Emily Magee (born October 31, 1965) is an American operatic soprano.

Born in New York City, Magee studied music at Westminster Choir College, from which she graduated in 1987. She continued her studies at the Jacobs School of Music of Indiana University Bloomington, where her teachers included Margaret Harshaw.

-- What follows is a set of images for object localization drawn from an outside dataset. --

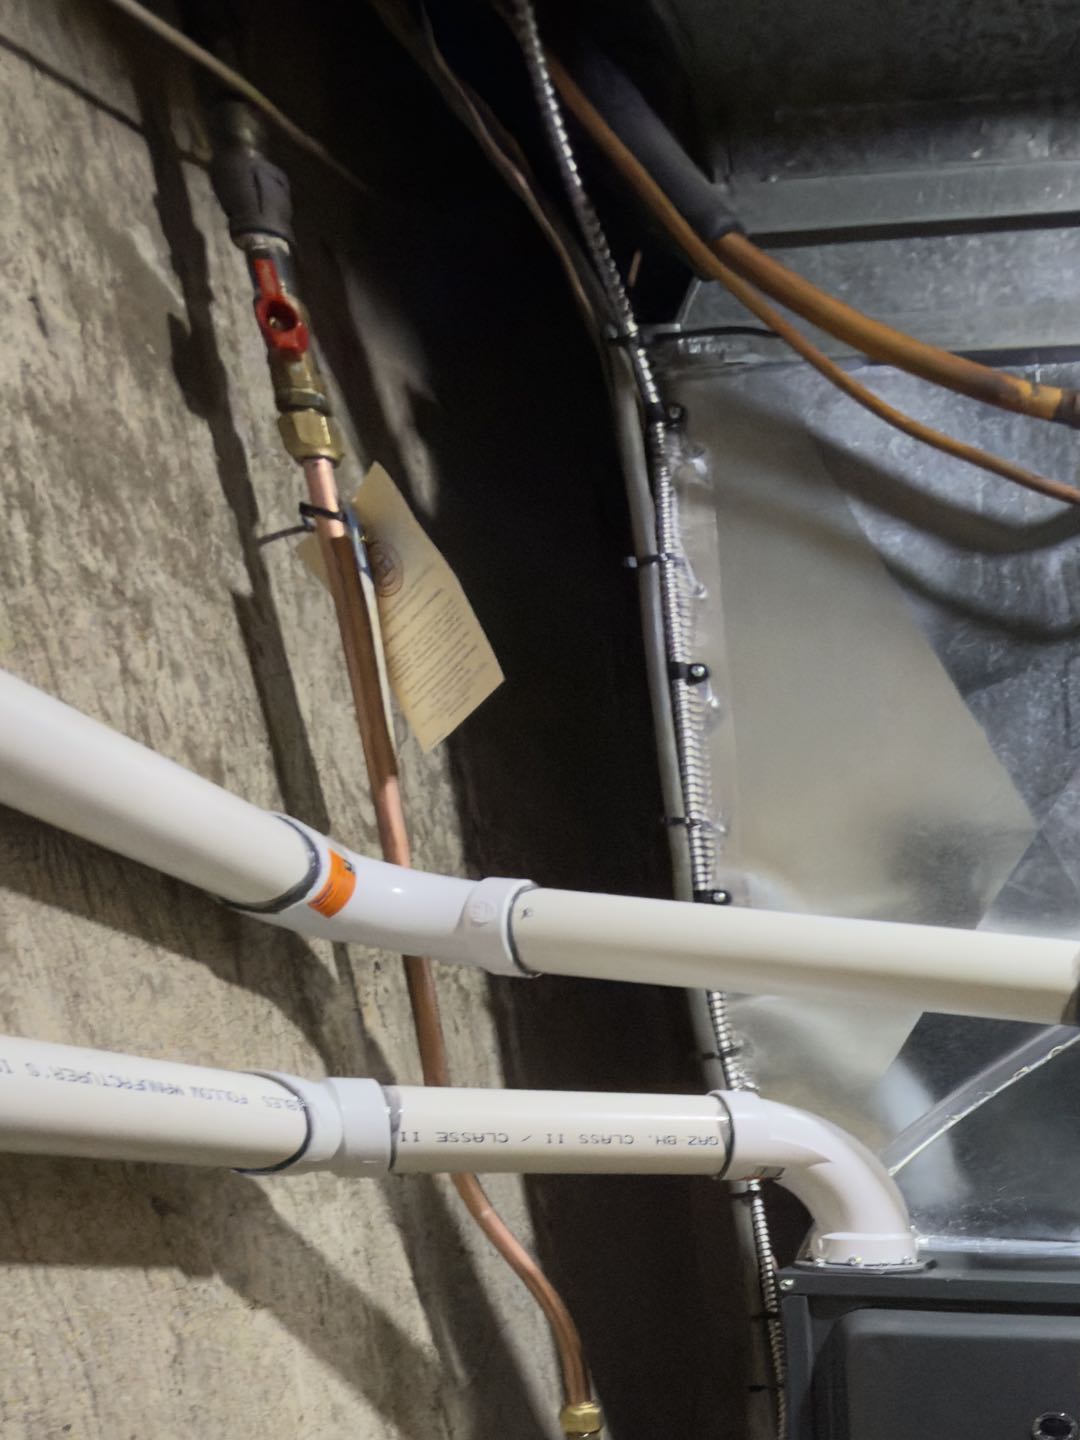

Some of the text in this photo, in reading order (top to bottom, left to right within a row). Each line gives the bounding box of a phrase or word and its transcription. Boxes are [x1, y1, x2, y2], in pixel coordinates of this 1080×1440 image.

[189, 1086, 249, 1105] FOLLOW
[400, 1130, 420, 1143] II
[435, 1131, 510, 1144] CLASSE
[546, 1133, 565, 1145] II
[579, 1133, 635, 1145] CLASS
[686, 1135, 719, 1146] GAZ

In 1995, Magee made her operatic debut at the Lyric Opera of Chicago, singing the role of Fiordiligi in Mozart's Così fan tutte. Her international debut came in 1996 at the Berlin State Opera, under the direction of Daniel Barenboim. Magee's selected recordings, on CD and DVD, include:
- Lohengrin (Elsa), with Peter Seiffert; conductor: Daniel Barenboim
- Die Meistersinger von Nürnberg (Eva); conductor: Daniel Barenboim
- Peter Grimes (Ellen Orford); conductor: Franz Welser-Möst
- Ariadne auf Naxos (Ariadne); Zürich Opera; conductor: Christoph von Dohnányi
- Rusalka; conductor: Franz Welser-Möst
- Tosca, with Jonas Kaufmann and Thomas Hampson; Zürich Opera
- Salome; Frankfurt Radio Symphony; conductor: Andrés Orozco-Estrada

Magee and her husband live in Boulder, Colorado, US.